= Goal of the exercise =
Could you retype all of the entries exactly, without their pictures?

= The records =
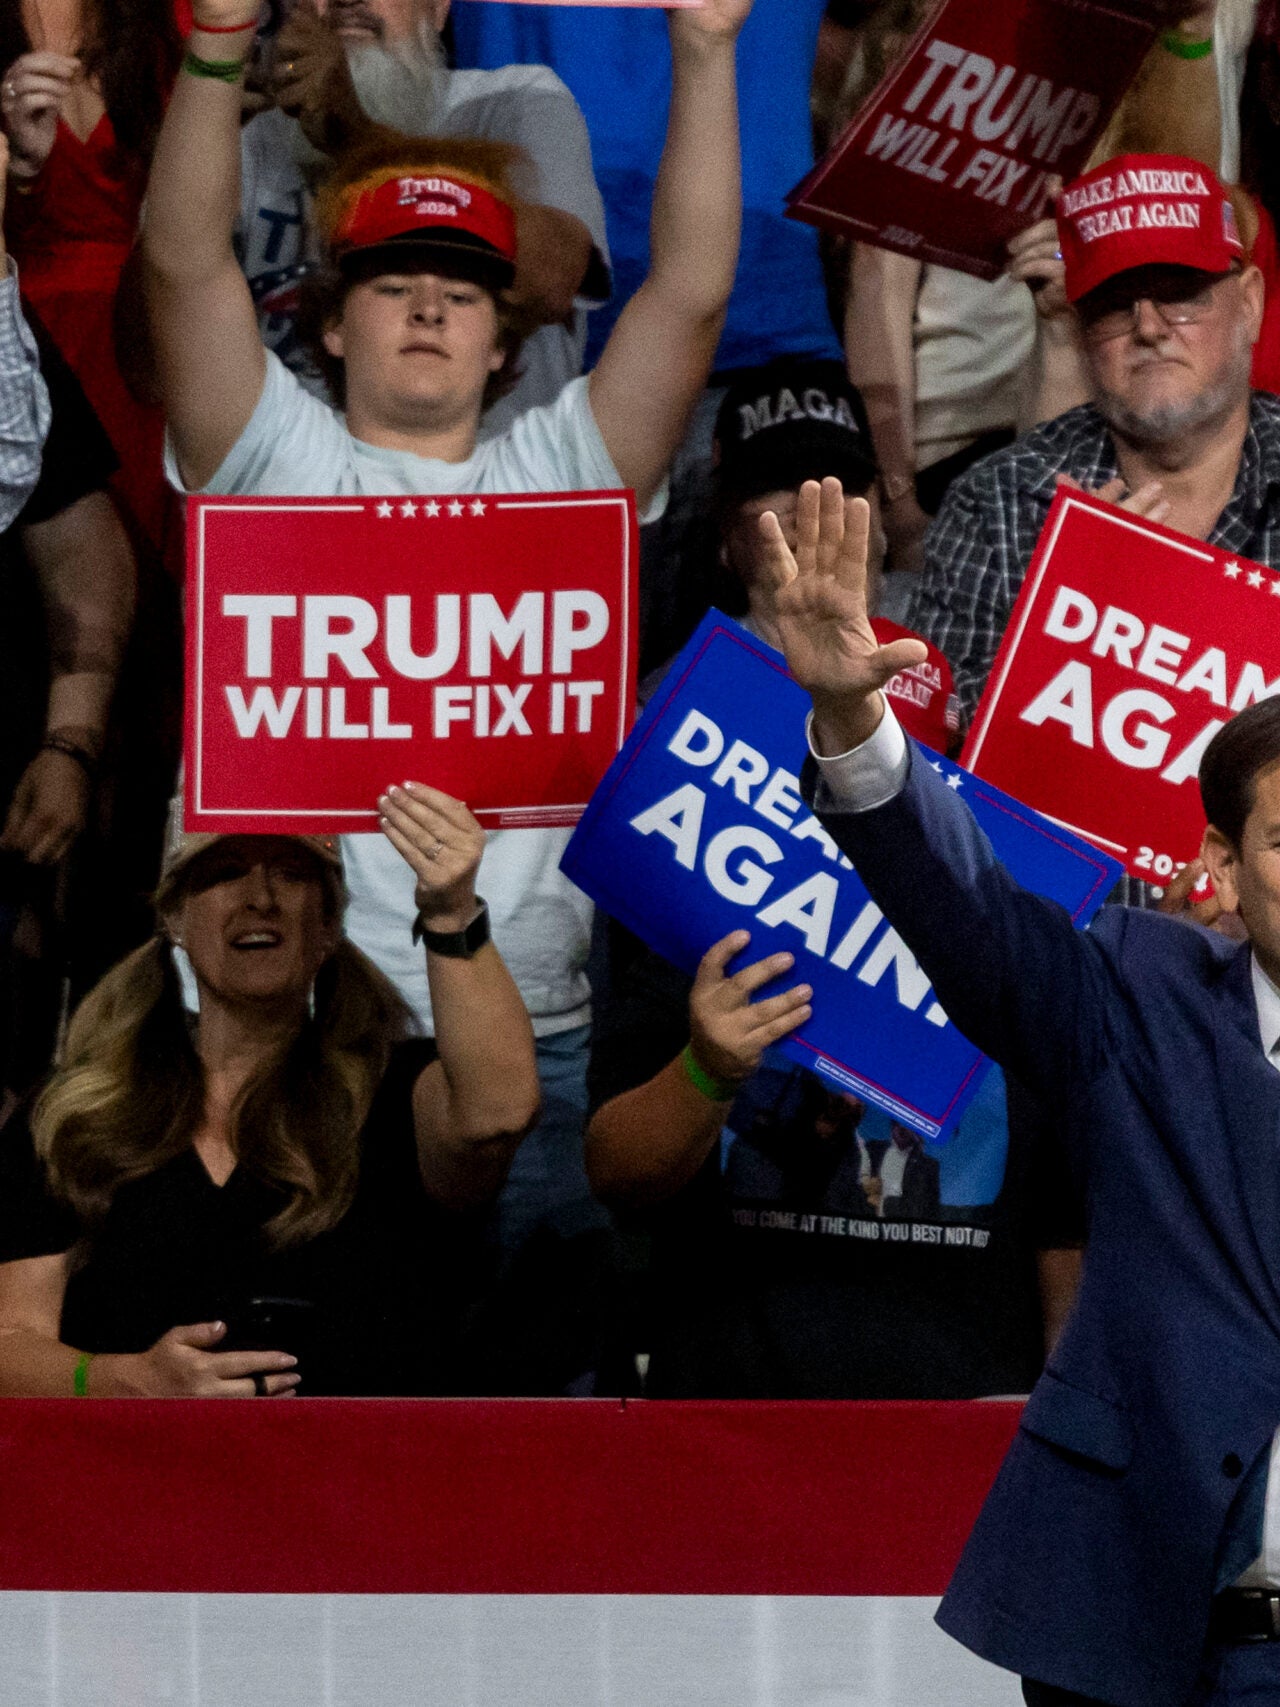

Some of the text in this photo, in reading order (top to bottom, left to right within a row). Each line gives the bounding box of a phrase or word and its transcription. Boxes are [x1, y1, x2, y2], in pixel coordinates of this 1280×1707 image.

[903, 39, 1099, 164] TRUMP
[865, 113, 960, 183] WILL
[953, 149, 1031, 207] FIX
[1064, 169, 1211, 217] MAKE AMERICA
[1136, 202, 1200, 228] AGAIN
[739, 388, 860, 440] MAGA
[222, 589, 610, 679] TRUMP
[225, 680, 605, 739] WILL FIX IT
[667, 708, 855, 871] DREA
[629, 782, 949, 1028] AGAIN
[759, 1210, 797, 1231] COME
[800, 1215, 818, 1233] AT
[820, 1216, 847, 1236] THE
[849, 1219, 880, 1240] KING
[881, 1222, 909, 1242] YOU
[911, 1224, 943, 1244] BEST
[945, 1227, 973, 1246] NOT
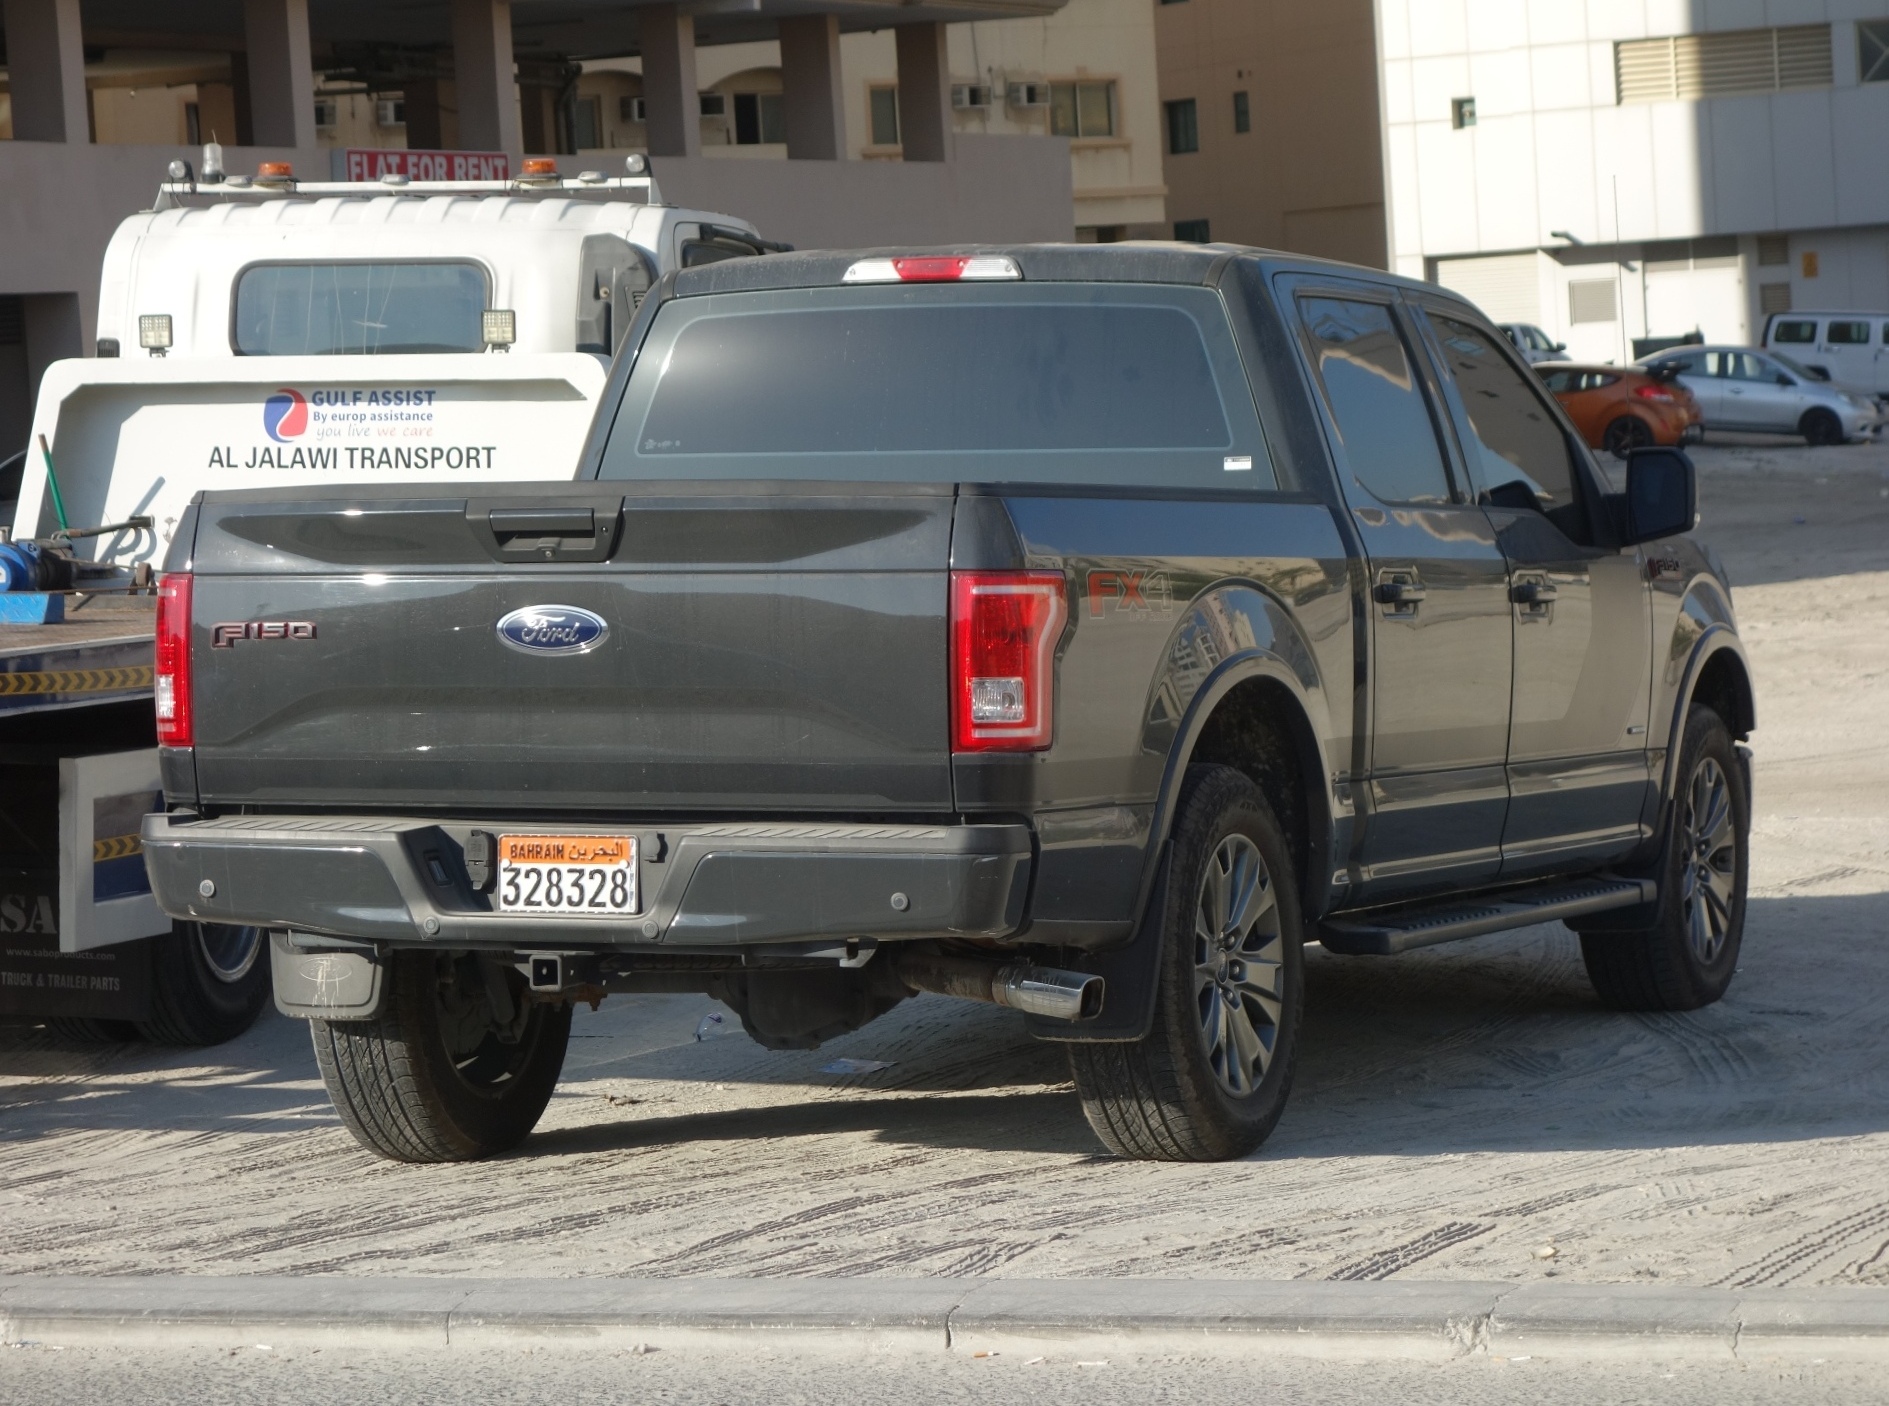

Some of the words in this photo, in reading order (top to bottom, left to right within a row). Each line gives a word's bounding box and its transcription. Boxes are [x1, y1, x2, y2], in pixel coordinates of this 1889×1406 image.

[350, 153, 400, 182] FLAT
[407, 154, 448, 182] FOR
[453, 155, 507, 181] RENT
[311, 390, 363, 407] GULF
[367, 390, 436, 407] ASSIST
[313, 411, 328, 424] By
[331, 412, 367, 423] europ
[370, 410, 433, 421] assistance
[316, 427, 341, 441] you
[348, 423, 370, 437] live
[377, 427, 397, 437] we
[402, 427, 433, 437] care
[208, 446, 238, 469] AL
[245, 446, 337, 469] JALAWI
[345, 446, 497, 469] TRANSPORT
[1086, 568, 1173, 619] FX4
[210, 621, 317, 649] F150
[521, 613, 581, 643] Ford
[510, 842, 565, 860] BAHRAIN
[568, 841, 624, 862] البحرين
[502, 867, 629, 908] 328328
[1, 971, 34, 987] TRUCK
[36, 973, 45, 987] &
[48, 973, 88, 989] TRAILER
[90, 976, 121, 992] PARTS

= Exercise solution =
Some of the text in this photo, in reading order (top to bottom, left to right within a row). Each line gives the bounding box of a phrase or word and its transcription. Boxes are [x1, y1, x2, y2], in pixel coordinates of this 1280×1707 image.

[903, 39, 1099, 164] TRUMP
[865, 113, 960, 183] WILL
[953, 149, 1031, 207] FIX
[1064, 169, 1211, 217] MAKE AMERICA
[1136, 202, 1200, 228] AGAIN
[739, 388, 860, 440] MAGA
[222, 589, 610, 679] TRUMP
[225, 680, 605, 739] WILL FIX IT
[667, 708, 855, 871] DREA
[629, 782, 949, 1028] AGAIN
[759, 1210, 797, 1231] COME
[800, 1215, 818, 1233] AT
[820, 1216, 847, 1236] THE
[849, 1219, 880, 1240] KING
[881, 1222, 909, 1242] YOU
[911, 1224, 943, 1244] BEST
[945, 1227, 973, 1246] NOT

Some of the words in this photo, in reading order (top to bottom, left to right within a row). Each line gives a word's bounding box and its transcription. Boxes are [x1, y1, x2, y2], in pixel coordinates of this 1889×1406 image.

[350, 153, 400, 182] FLAT
[407, 154, 448, 182] FOR
[453, 155, 507, 181] RENT
[311, 390, 363, 407] GULF
[367, 390, 436, 407] ASSIST
[313, 411, 328, 424] By
[331, 412, 367, 423] europ
[370, 410, 433, 421] assistance
[316, 427, 341, 441] you
[348, 423, 370, 437] live
[377, 427, 397, 437] we
[402, 427, 433, 437] care
[208, 446, 238, 469] AL
[245, 446, 337, 469] JALAWI
[345, 446, 497, 469] TRANSPORT
[1086, 568, 1173, 619] FX4
[210, 621, 317, 649] F150
[521, 613, 581, 643] Ford
[510, 842, 565, 860] BAHRAIN
[568, 841, 624, 862] البحرين
[502, 867, 629, 908] 328328
[1, 971, 34, 987] TRUCK
[36, 973, 45, 987] &
[48, 973, 88, 989] TRAILER
[90, 976, 121, 992] PARTS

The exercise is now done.